NZ3,000kmハイク「テ・アラロア」に挑戦!北井栄治さんに話を聞いてきた。

日本縦断と同じ約3,000キロ。ニュージーランドでもっとも長い距離を歩くハイキングコース、その名も「テ・アラロア Te Araroa」。北は北島北端のケープ・レインガから始まって、南は南島最南端のブラフまでを数か月かけて自分の足だけで歩き通す――NZにハイキングコースは数あれど、テ・アラロアはその中でも究極ともいえるハイキングコースだ。

以前『ニュージーランドの3,000kmロングトレイル「テ・アラロア」。日本人の踏破は?』という記事でもこのコースを紹介したことがあったのだけど、今回その記事を読んだという日本人から「テ・アラロアに挑戦するのでその前にぜひお会いしたい」という嬉しいメールを頂き、お会いしてインタビューをさせてもらうことができた。

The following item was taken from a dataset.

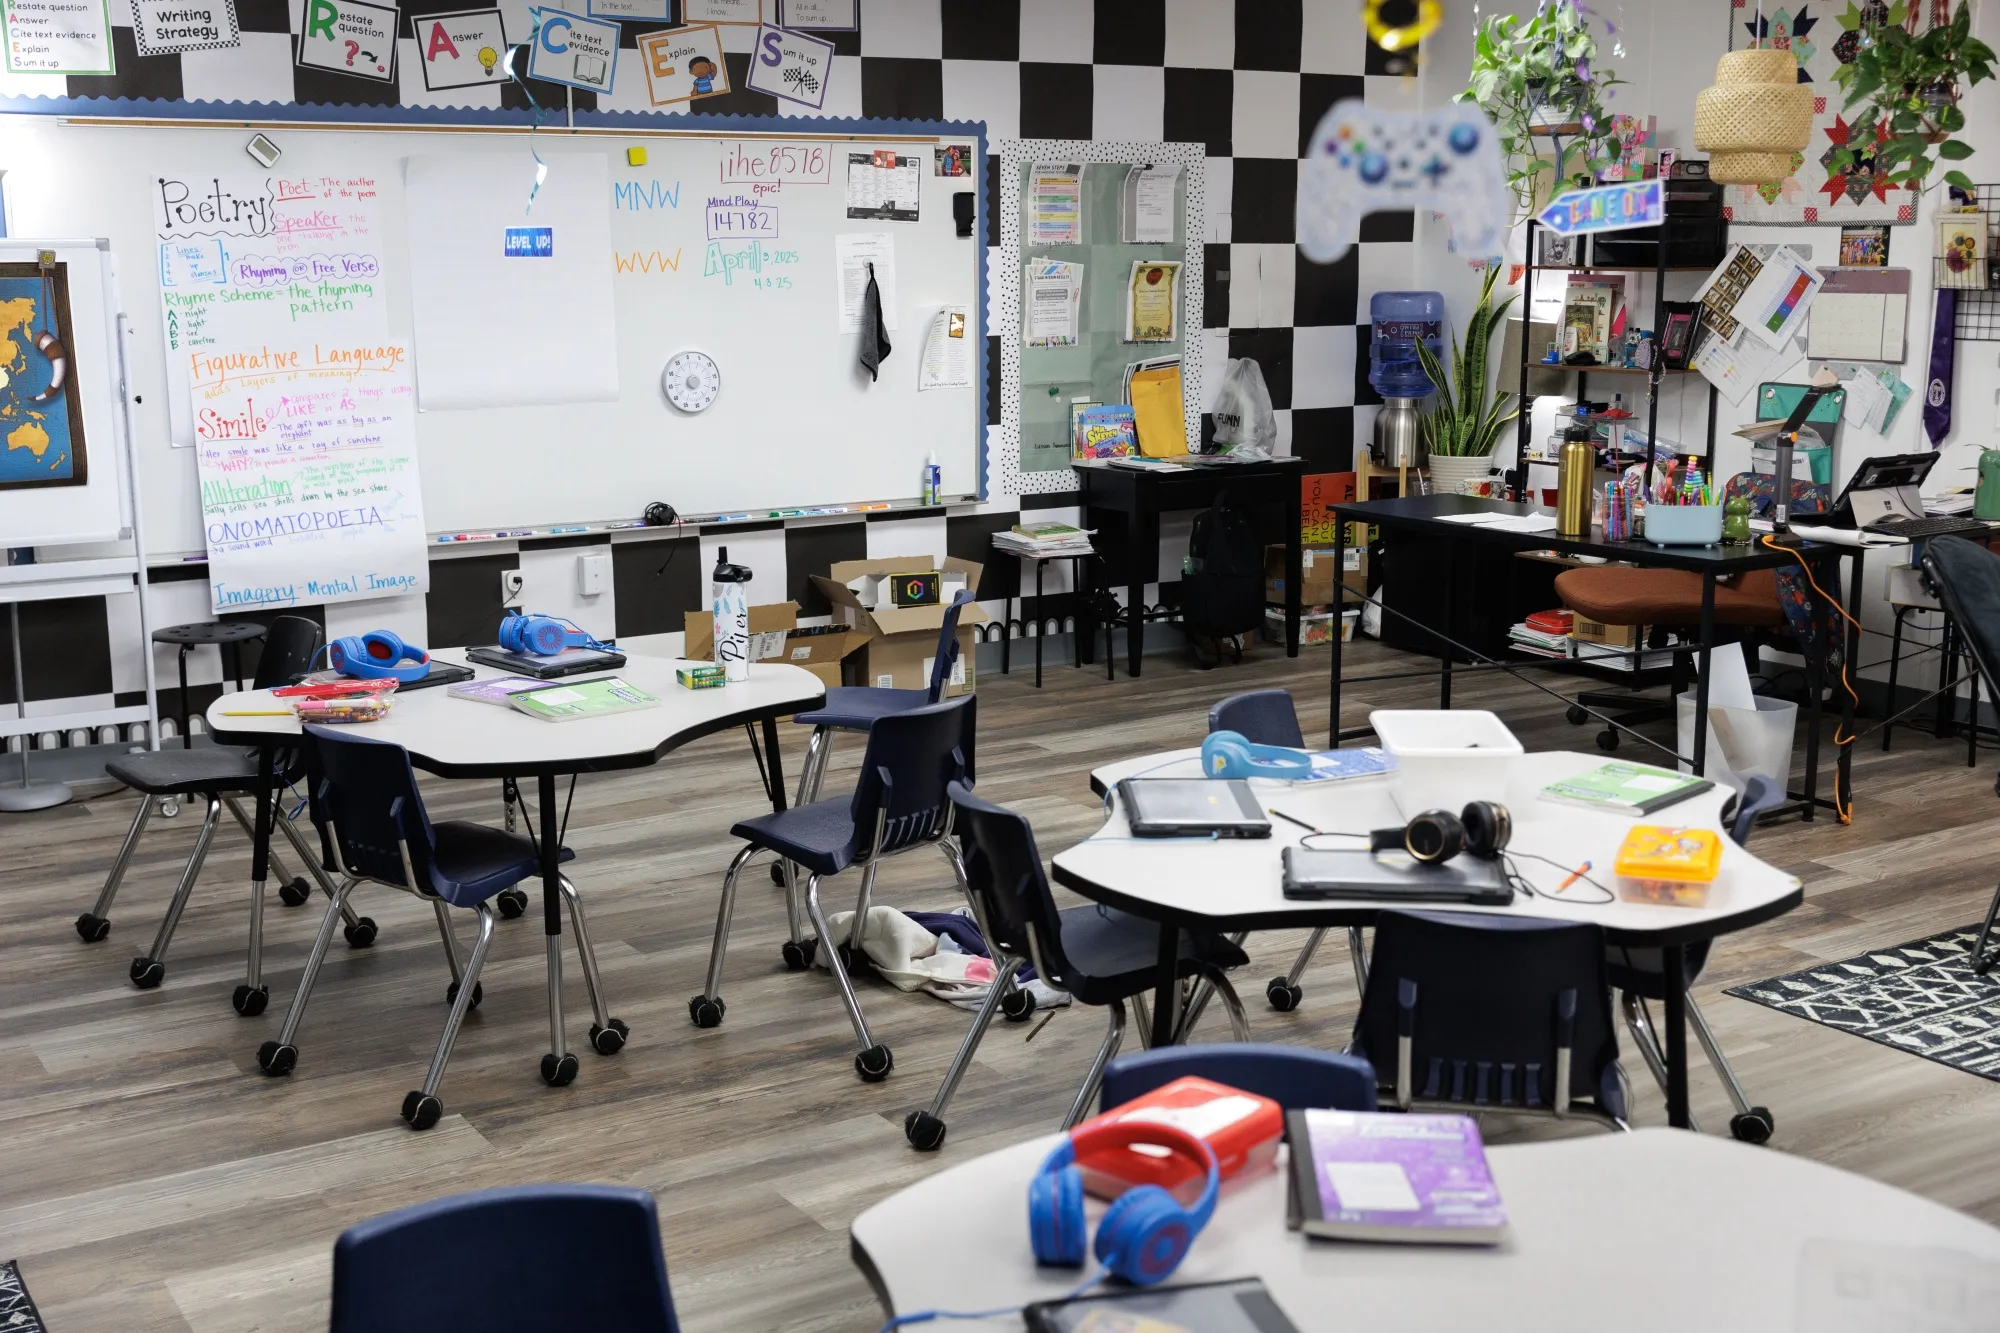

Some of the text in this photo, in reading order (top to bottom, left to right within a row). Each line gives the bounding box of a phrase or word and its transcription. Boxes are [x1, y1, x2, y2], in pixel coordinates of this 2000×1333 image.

今回テ・アラロアに挑戦するのは、北井栄治さん。どうして挑戦しようと思い立ったのか?そして出発前の意気込みや不安などは・・?
そんな誰もが気になるところをお話してもらったので、この記事で紹介してみたい。

ニュージーランドの3,000kmロングトレイル「テ・アラロア」。日本人の踏破は?

数あるニュージーランドのトレッキングコースの中でも、僕が常々「いつかはやってみたい」と思う、究極のコースがある。総延長3,000km、ニュージーランドが誇る最長のロングトレイル、「Te Araroa(テ・アラロア)」だ。国の北の端から南の端まで歩き抜くという途方も…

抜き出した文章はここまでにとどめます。